[Dataset entries]
____
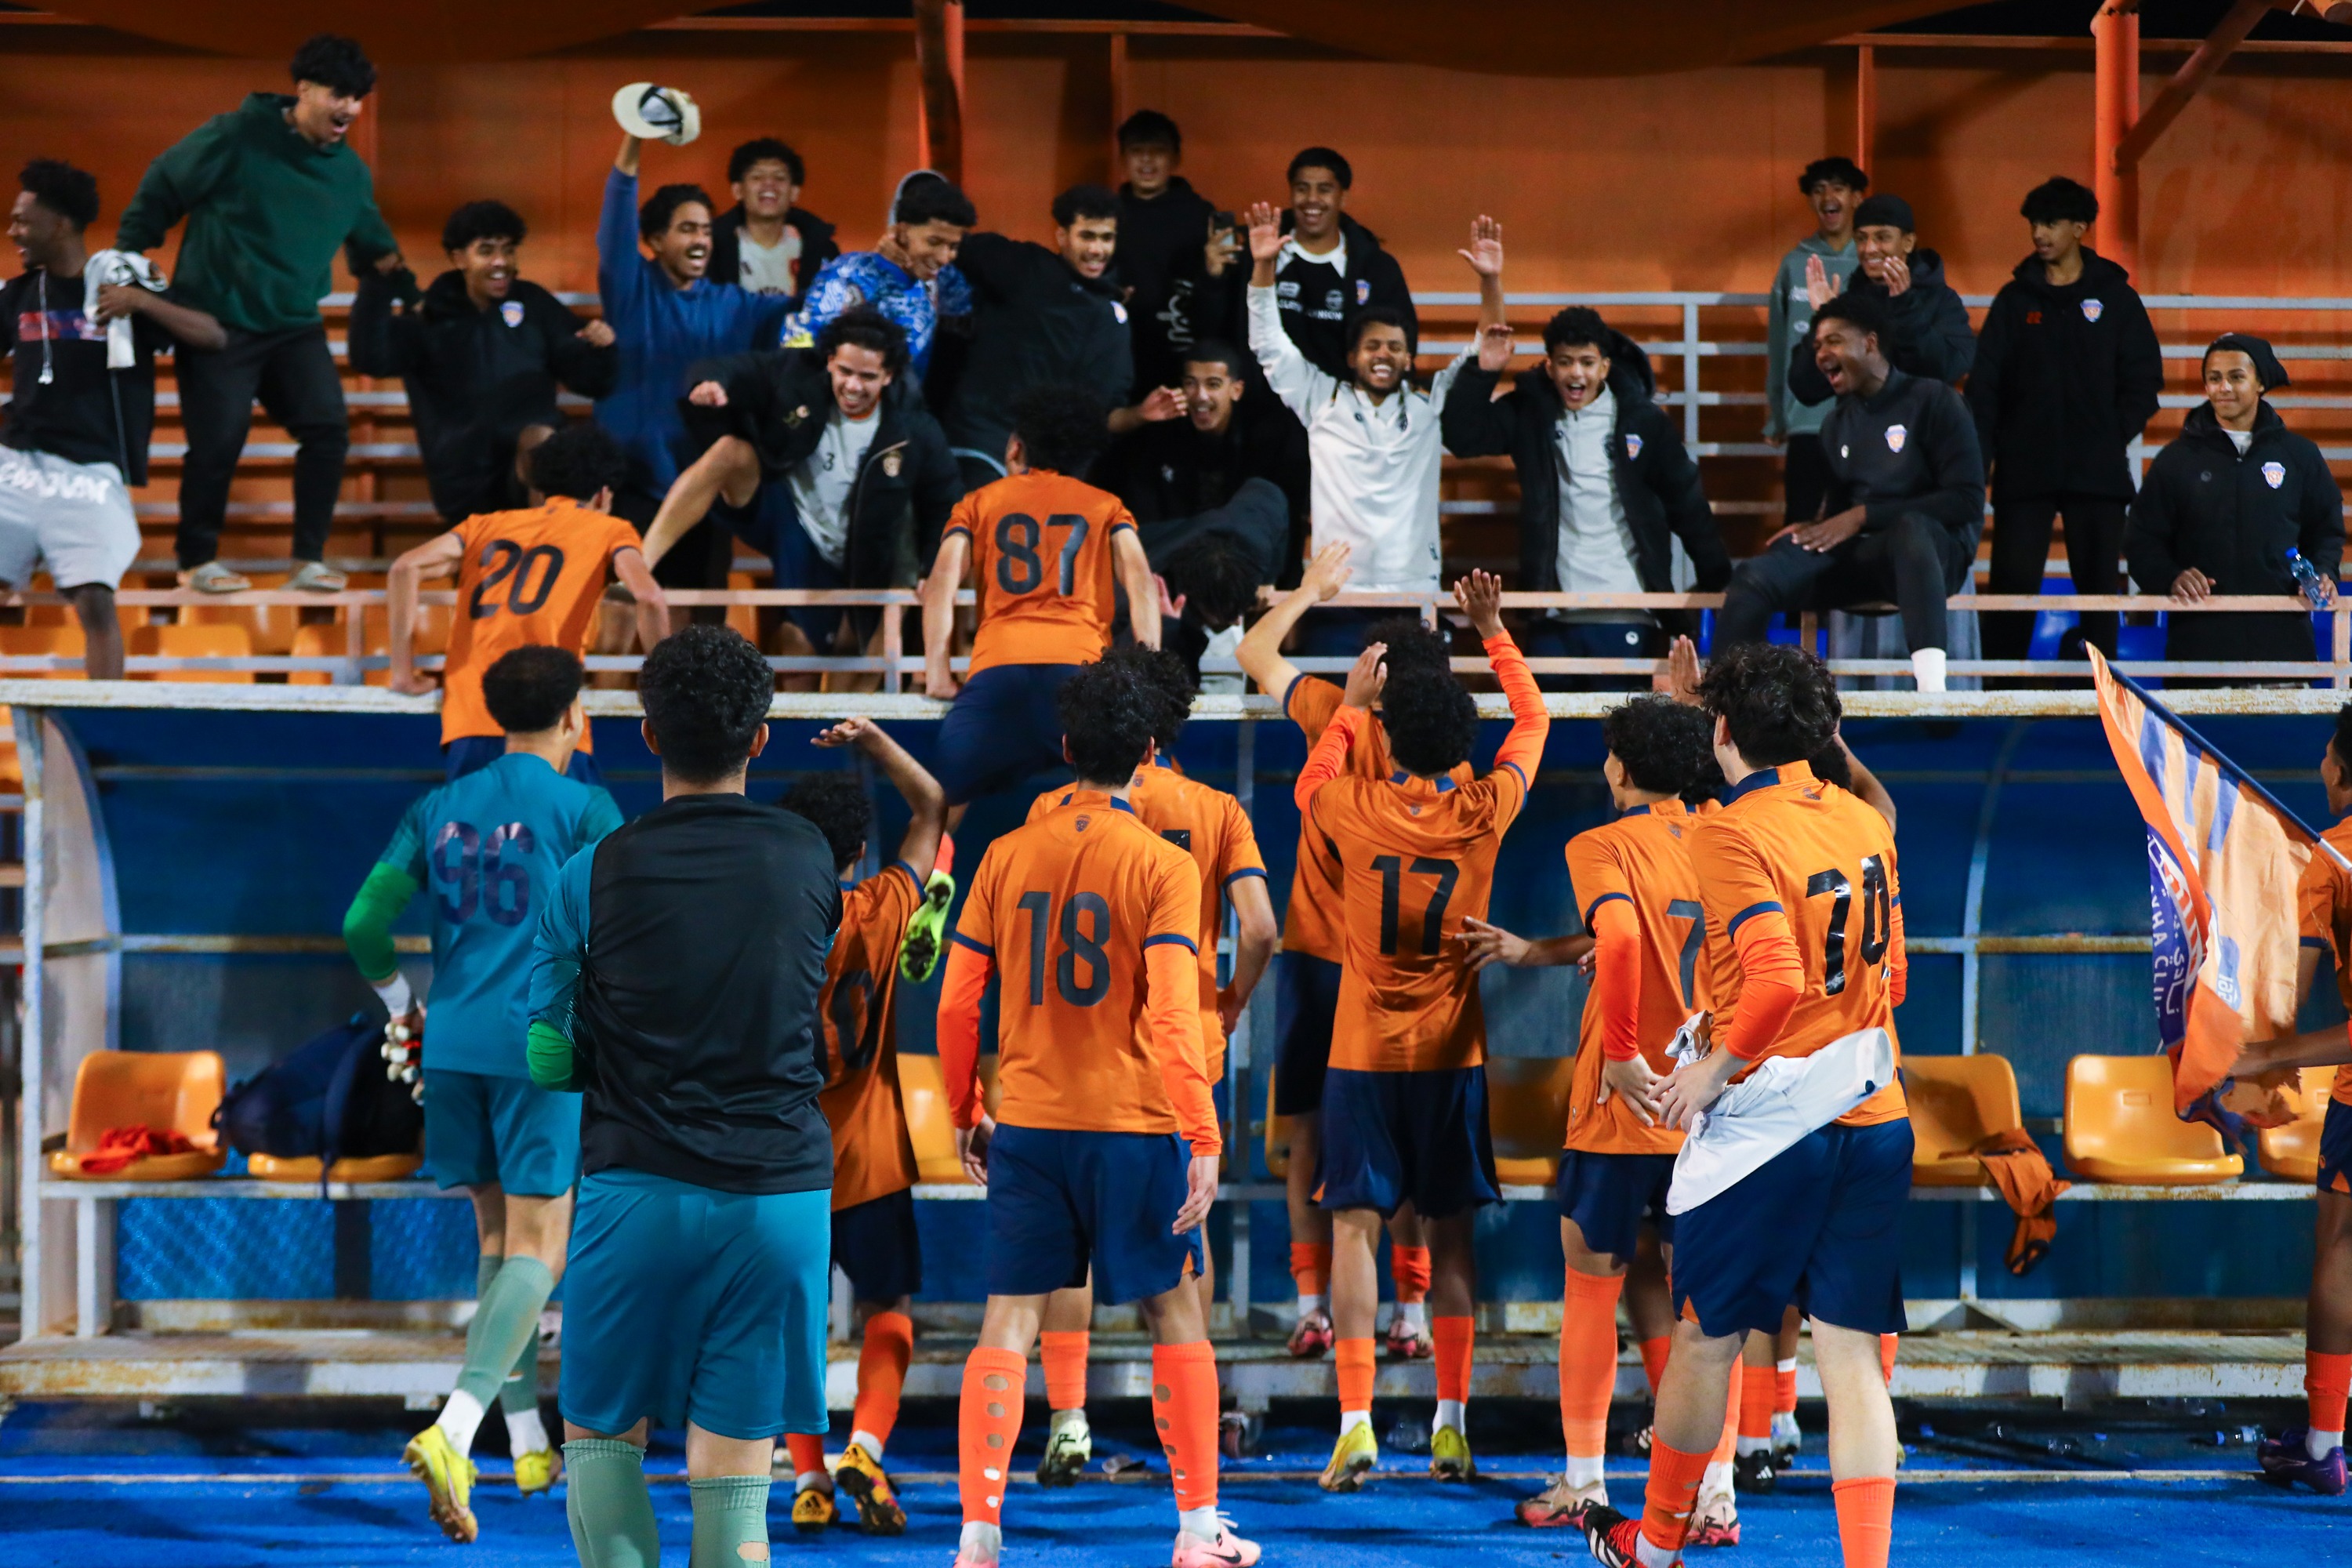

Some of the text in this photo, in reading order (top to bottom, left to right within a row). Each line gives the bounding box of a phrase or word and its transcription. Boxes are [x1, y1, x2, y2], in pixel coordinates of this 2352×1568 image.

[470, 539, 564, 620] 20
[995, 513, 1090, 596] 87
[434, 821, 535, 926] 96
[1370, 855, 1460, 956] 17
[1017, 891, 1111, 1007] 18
____
In the transcription, every picture is to be excluded and the records above given again exactly.

**Solution to this task**:
Some of the text in this photo, in reading order (top to bottom, left to right within a row). Each line gives the bounding box of a phrase or word and its transcription. Boxes are [x1, y1, x2, y2], in pixel coordinates of this 2352×1568 image.

[470, 539, 564, 620] 20
[995, 513, 1090, 596] 87
[434, 821, 535, 926] 96
[1370, 855, 1460, 956] 17
[1017, 891, 1111, 1007] 18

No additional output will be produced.